_Text-to-region grounding data_.
= Beginning of Section =
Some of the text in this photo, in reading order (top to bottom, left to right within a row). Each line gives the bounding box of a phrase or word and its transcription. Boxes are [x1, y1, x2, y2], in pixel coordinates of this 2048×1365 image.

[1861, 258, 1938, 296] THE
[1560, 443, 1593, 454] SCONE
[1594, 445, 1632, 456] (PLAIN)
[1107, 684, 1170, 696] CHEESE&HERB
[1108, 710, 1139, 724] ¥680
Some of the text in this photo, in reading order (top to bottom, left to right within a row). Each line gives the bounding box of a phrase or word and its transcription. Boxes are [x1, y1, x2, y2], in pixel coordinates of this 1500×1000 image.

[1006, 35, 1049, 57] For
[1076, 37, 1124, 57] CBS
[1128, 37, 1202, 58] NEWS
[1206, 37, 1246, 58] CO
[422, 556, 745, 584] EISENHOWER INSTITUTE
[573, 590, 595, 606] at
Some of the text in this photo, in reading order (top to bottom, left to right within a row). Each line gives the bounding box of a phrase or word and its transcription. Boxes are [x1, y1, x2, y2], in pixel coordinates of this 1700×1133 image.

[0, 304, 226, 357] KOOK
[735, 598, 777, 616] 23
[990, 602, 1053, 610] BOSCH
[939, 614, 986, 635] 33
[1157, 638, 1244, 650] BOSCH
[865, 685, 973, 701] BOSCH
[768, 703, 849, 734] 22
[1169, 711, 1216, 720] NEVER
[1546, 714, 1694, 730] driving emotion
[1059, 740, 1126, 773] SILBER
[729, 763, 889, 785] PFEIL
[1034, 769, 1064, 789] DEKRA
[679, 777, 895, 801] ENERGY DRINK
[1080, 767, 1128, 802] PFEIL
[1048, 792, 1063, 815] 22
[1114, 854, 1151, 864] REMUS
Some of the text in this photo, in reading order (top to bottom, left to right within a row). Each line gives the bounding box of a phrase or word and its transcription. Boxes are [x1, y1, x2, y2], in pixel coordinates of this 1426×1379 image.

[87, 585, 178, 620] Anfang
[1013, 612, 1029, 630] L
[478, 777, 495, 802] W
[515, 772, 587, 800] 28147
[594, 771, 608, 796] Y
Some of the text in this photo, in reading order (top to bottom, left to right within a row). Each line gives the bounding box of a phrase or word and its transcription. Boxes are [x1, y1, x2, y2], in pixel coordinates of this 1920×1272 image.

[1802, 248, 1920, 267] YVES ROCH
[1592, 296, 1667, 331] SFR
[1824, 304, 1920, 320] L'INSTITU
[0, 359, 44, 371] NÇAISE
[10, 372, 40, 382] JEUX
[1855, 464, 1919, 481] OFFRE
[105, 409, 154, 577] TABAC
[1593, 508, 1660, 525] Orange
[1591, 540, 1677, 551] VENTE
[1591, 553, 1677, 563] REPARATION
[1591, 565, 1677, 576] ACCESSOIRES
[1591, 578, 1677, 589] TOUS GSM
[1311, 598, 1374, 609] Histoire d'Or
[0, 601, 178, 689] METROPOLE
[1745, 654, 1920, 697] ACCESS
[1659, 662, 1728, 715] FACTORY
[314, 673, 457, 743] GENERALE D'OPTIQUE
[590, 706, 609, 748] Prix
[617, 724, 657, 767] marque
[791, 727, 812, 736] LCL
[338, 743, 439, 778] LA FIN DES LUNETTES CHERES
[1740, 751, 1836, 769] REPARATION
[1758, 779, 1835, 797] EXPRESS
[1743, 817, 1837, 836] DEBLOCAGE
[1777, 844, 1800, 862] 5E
= End of Section =
_TASK REQUIREMENTS_. The answer must be all of the entries, restated exactly.

_ANSWER SPACE_.
Some of the text in this photo, in reading order (top to bottom, left to right within a row). Each line gives the bounding box of a phrase or word and its transcription. Boxes are [x1, y1, x2, y2], in pixel coordinates of this 2048×1365 image.

[1861, 258, 1938, 296] THE
[1560, 443, 1593, 454] SCONE
[1594, 445, 1632, 456] (PLAIN)
[1107, 684, 1170, 696] CHEESE&HERB
[1108, 710, 1139, 724] ¥680
Some of the text in this photo, in reading order (top to bottom, left to right within a row). Each line gives the bounding box of a phrase or word and its transcription. Boxes are [x1, y1, x2, y2], in pixel coordinates of this 1500×1000 image.

[1006, 35, 1049, 57] For
[1076, 37, 1124, 57] CBS
[1128, 37, 1202, 58] NEWS
[1206, 37, 1246, 58] CO
[422, 556, 745, 584] EISENHOWER INSTITUTE
[573, 590, 595, 606] at
Some of the text in this photo, in reading order (top to bottom, left to right within a row). Each line gives the bounding box of a phrase or word and its transcription. Boxes are [x1, y1, x2, y2], in pixel coordinates of this 1700×1133 image.

[0, 304, 226, 357] KOOK
[735, 598, 777, 616] 23
[990, 602, 1053, 610] BOSCH
[939, 614, 986, 635] 33
[1157, 638, 1244, 650] BOSCH
[865, 685, 973, 701] BOSCH
[768, 703, 849, 734] 22
[1169, 711, 1216, 720] NEVER
[1546, 714, 1694, 730] driving emotion
[1059, 740, 1126, 773] SILBER
[729, 763, 889, 785] PFEIL
[1034, 769, 1064, 789] DEKRA
[679, 777, 895, 801] ENERGY DRINK
[1080, 767, 1128, 802] PFEIL
[1048, 792, 1063, 815] 22
[1114, 854, 1151, 864] REMUS
Some of the text in this photo, in reading order (top to bottom, left to right within a row). Each line gives the bounding box of a phrase or word and its transcription. Boxes are [x1, y1, x2, y2], in pixel coordinates of this 1426×1379 image.

[87, 585, 178, 620] Anfang
[1013, 612, 1029, 630] L
[478, 777, 495, 802] W
[515, 772, 587, 800] 28147
[594, 771, 608, 796] Y
Some of the text in this photo, in reading order (top to bottom, left to right within a row). Each line gives the bounding box of a phrase or word and its transcription. Boxes are [x1, y1, x2, y2], in pixel coordinates of this 1920×1272 image.

[1802, 248, 1920, 267] YVES ROCH
[1592, 296, 1667, 331] SFR
[1824, 304, 1920, 320] L'INSTITU
[0, 359, 44, 371] NÇAISE
[10, 372, 40, 382] JEUX
[1855, 464, 1919, 481] OFFRE
[105, 409, 154, 577] TABAC
[1593, 508, 1660, 525] Orange
[1591, 540, 1677, 551] VENTE
[1591, 553, 1677, 563] REPARATION
[1591, 565, 1677, 576] ACCESSOIRES
[1591, 578, 1677, 589] TOUS GSM
[1311, 598, 1374, 609] Histoire d'Or
[0, 601, 178, 689] METROPOLE
[1745, 654, 1920, 697] ACCESS
[1659, 662, 1728, 715] FACTORY
[314, 673, 457, 743] GENERALE D'OPTIQUE
[590, 706, 609, 748] Prix
[617, 724, 657, 767] marque
[791, 727, 812, 736] LCL
[338, 743, 439, 778] LA FIN DES LUNETTES CHERES
[1740, 751, 1836, 769] REPARATION
[1758, 779, 1835, 797] EXPRESS
[1743, 817, 1837, 836] DEBLOCAGE
[1777, 844, 1800, 862] 5E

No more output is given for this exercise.